Mechanically Separated Chicken.

Monday, July 01, 2002

Hat Surplus.

Today, via the New York City Blogger Map, I came upon Giant Genius, a blog located, apparently, on subway line 6, Lexington Avenue Local, in NYC.

I am particularly partial to the author's Five Unnecessary Anthropomorphic Pictures Using a Single Pair of Googly Eyes and Different Hats, which includes photographs of various objects (a tractor and a giant ball of tinfoil, for example) which have undergone this procedure with understandably hilarious results.
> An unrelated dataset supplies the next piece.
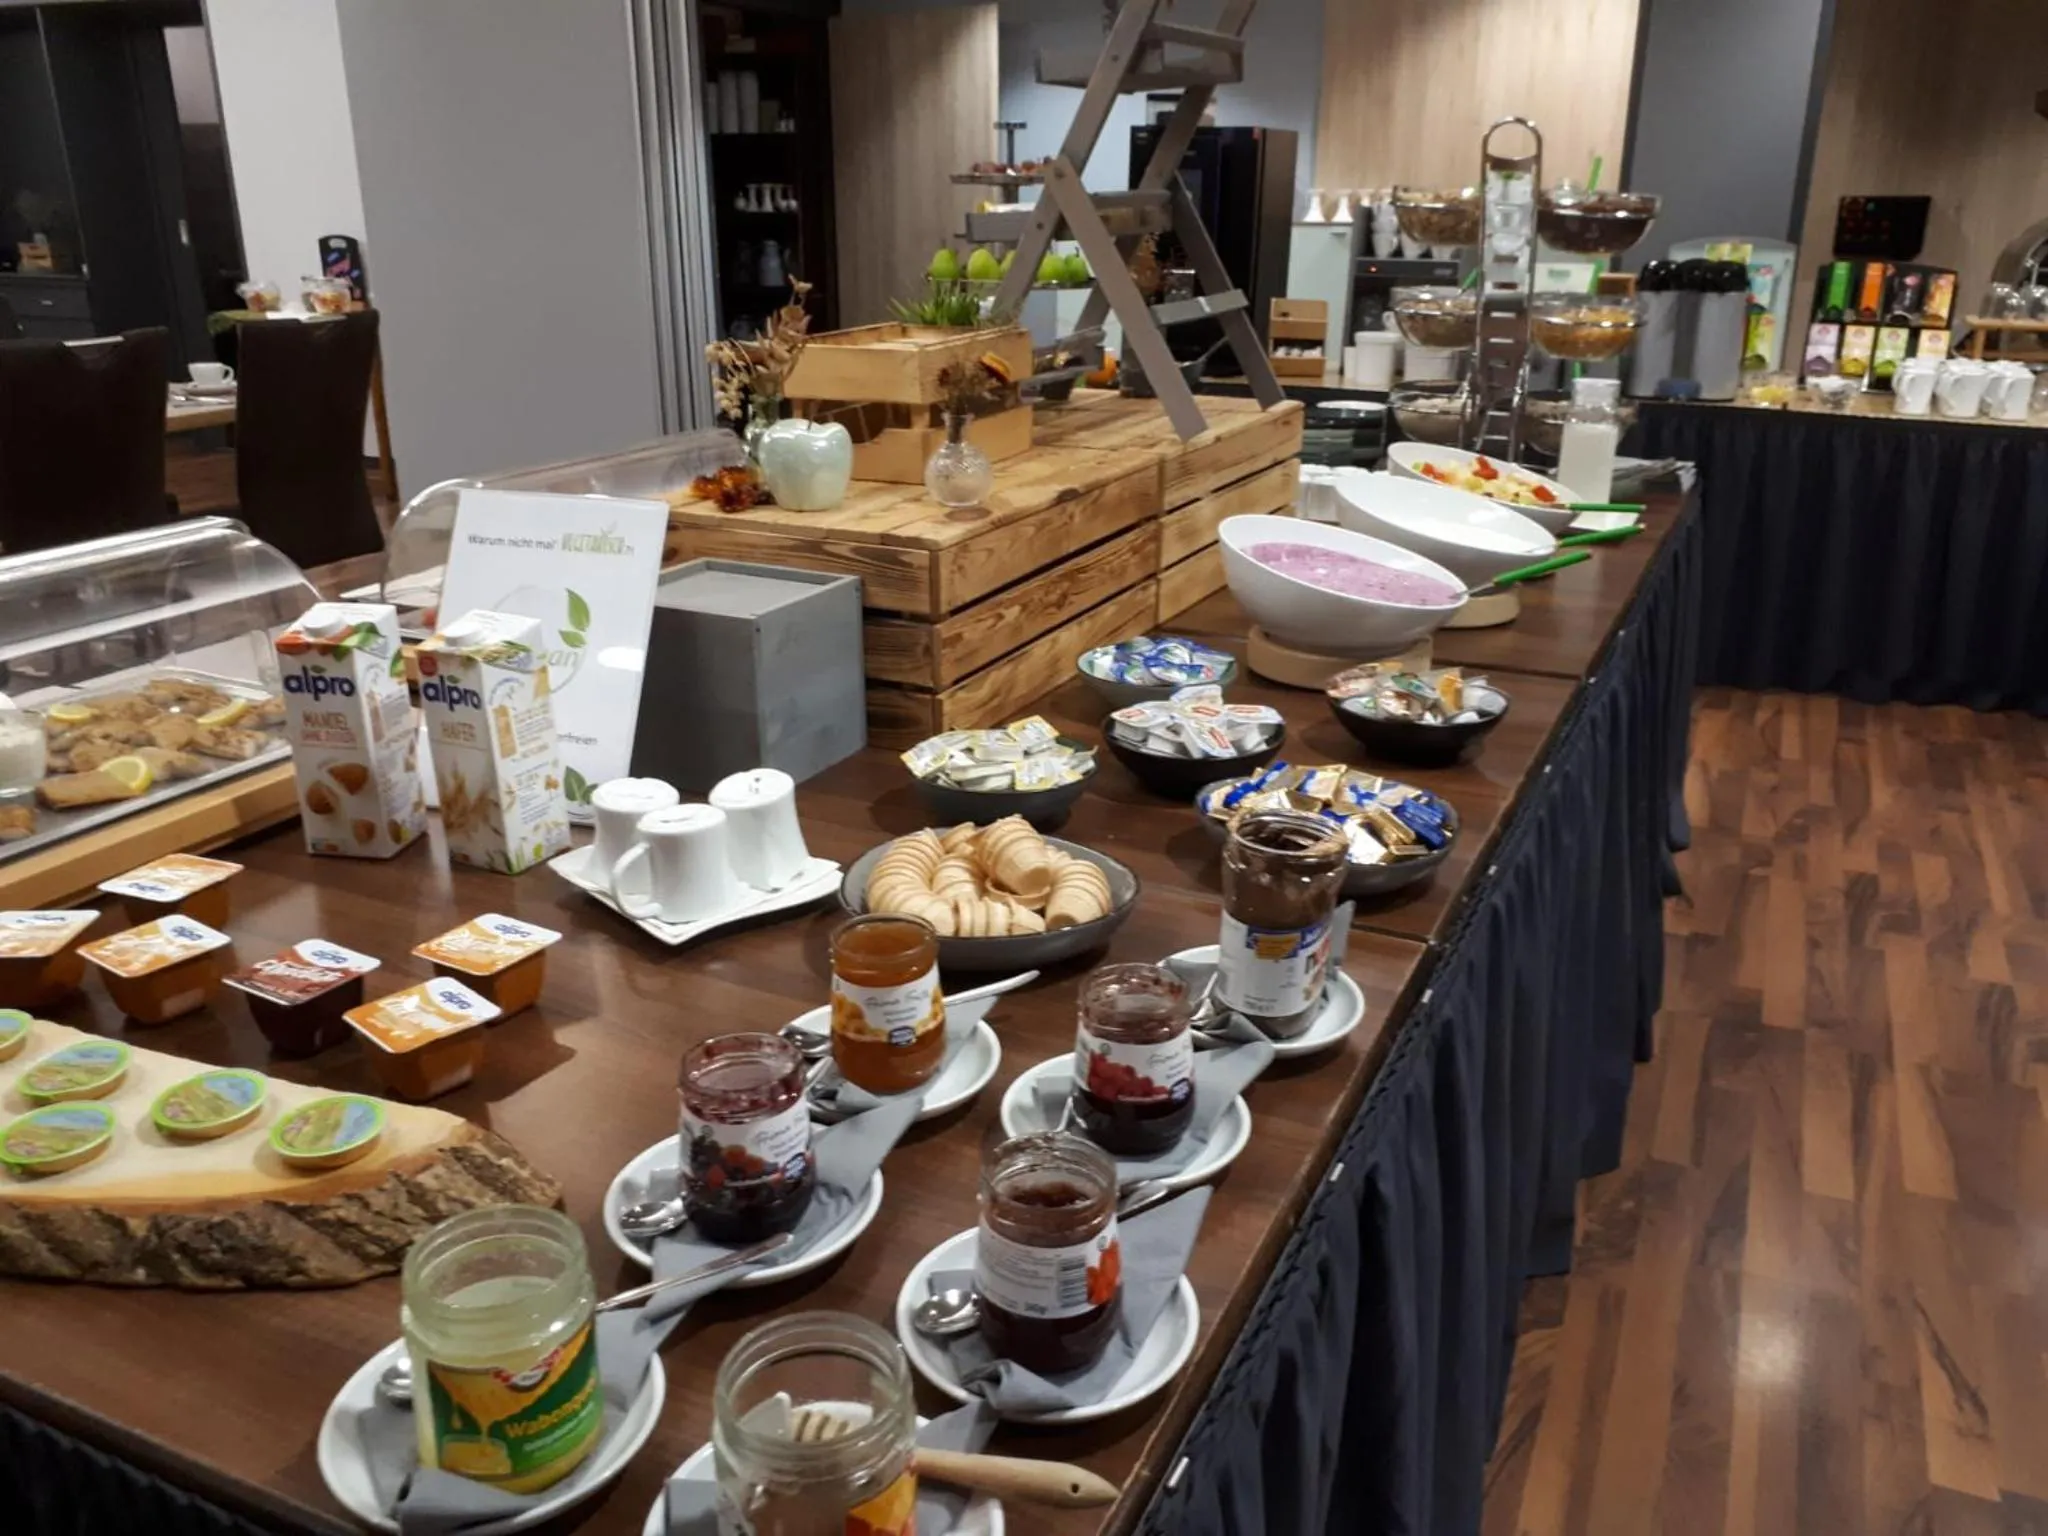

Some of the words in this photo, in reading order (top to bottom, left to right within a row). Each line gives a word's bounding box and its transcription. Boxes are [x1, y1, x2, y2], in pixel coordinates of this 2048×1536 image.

Of special note is the last picture, right down the bottom, of a hat wearing a hat. Bravo.

Saturday, June 22, 2002

You're wondering what happened next.

Well, of course you are.

Did he escape? What was really inside that red patent leather handbag? Were they, in fact, brother and sister? Did he put the correct letter in the envelope before he posted it? And who was that guy, anyway? Did you see the look they gave each other? And the water, did you notice how cloudy it was? And the way the glass shattered just a microsecond before the golf club actually hit the window pane? How about that sound, the high-pitched metallic squeal, that came hurtling through the receiver each time he answered it? And the girl? What about the girl? Was it really her? Or was it someone else who just looked exactly like her?

Answers on page 74.

Friday, June 14, 2002

Five.

The carpet is full of electricity; his shoes also. He holds them up to the light and sees a blue shadow.

Five minutes, to the deli and back. The dog follows as far as the corner; it wants your peppermints.

I think you're getting uglier; just thought you should know.

Grass, like a cloud of green gas, rises up from the mower. He kicks it and it starts again.

There are no awards for intensity. If you want applause, learn magic tricks.